======== GIVEN RECORDS
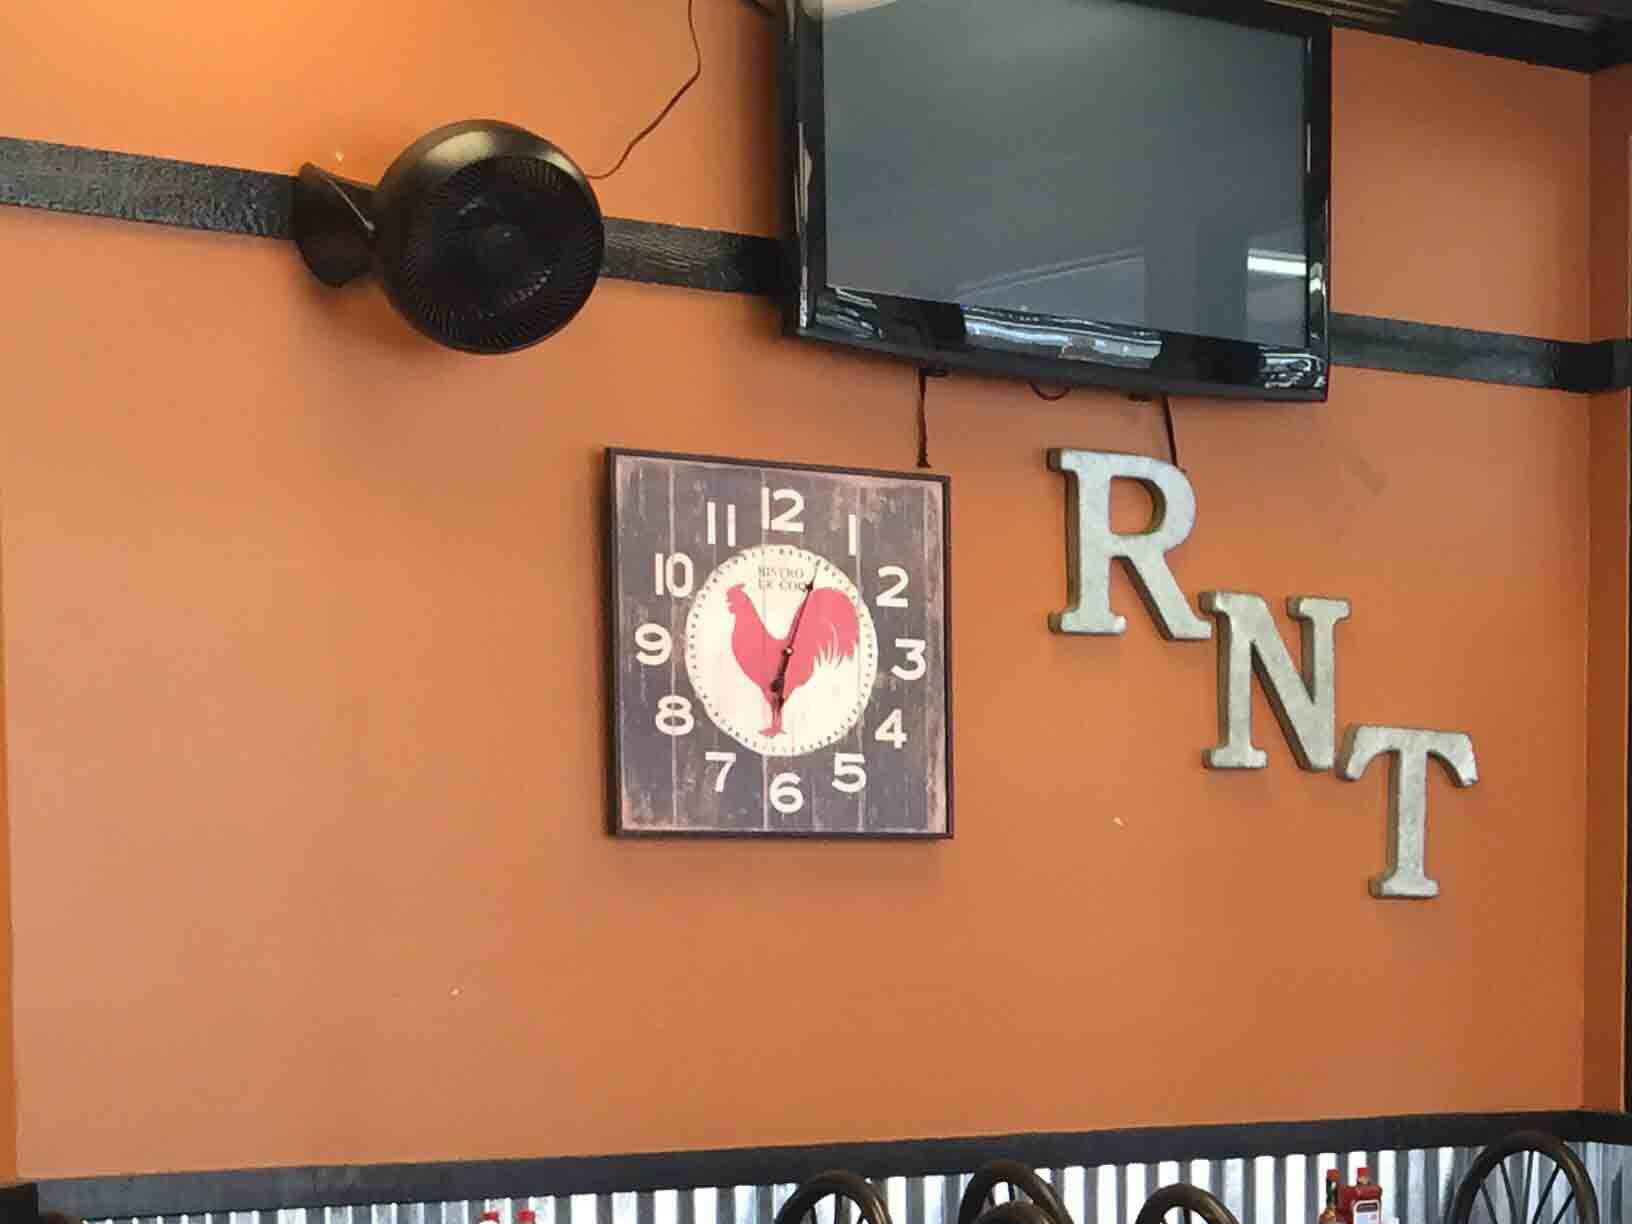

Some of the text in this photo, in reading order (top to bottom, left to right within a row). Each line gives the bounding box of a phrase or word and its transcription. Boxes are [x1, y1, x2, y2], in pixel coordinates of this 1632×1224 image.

[706, 501, 737, 547] 11
[760, 487, 805, 532] 12
[848, 514, 858, 556] 1
[655, 551, 694, 598] 10
[875, 565, 910, 608] 2
[634, 622, 673, 666] 9
[890, 637, 927, 681] 3
[654, 695, 695, 736] 8
[874, 708, 908, 749] 4
[704, 751, 737, 793] 7
[769, 772, 805, 814] 6
[831, 752, 868, 793] 5
================
* [EXERCISE OBJECTIVE]: Write out the entries above verbatim, without pictures.

* [RESULT BELOW]:
Some of the text in this photo, in reading order (top to bottom, left to right within a row). Each line gives the bounding box of a phrase or word and its transcription. Boxes are [x1, y1, x2, y2], in pixel coordinates of this 1632×1224 image.

[706, 501, 737, 547] 11
[760, 487, 805, 532] 12
[848, 514, 858, 556] 1
[655, 551, 694, 598] 10
[875, 565, 910, 608] 2
[634, 622, 673, 666] 9
[890, 637, 927, 681] 3
[654, 695, 695, 736] 8
[874, 708, 908, 749] 4
[704, 751, 737, 793] 7
[769, 772, 805, 814] 6
[831, 752, 868, 793] 5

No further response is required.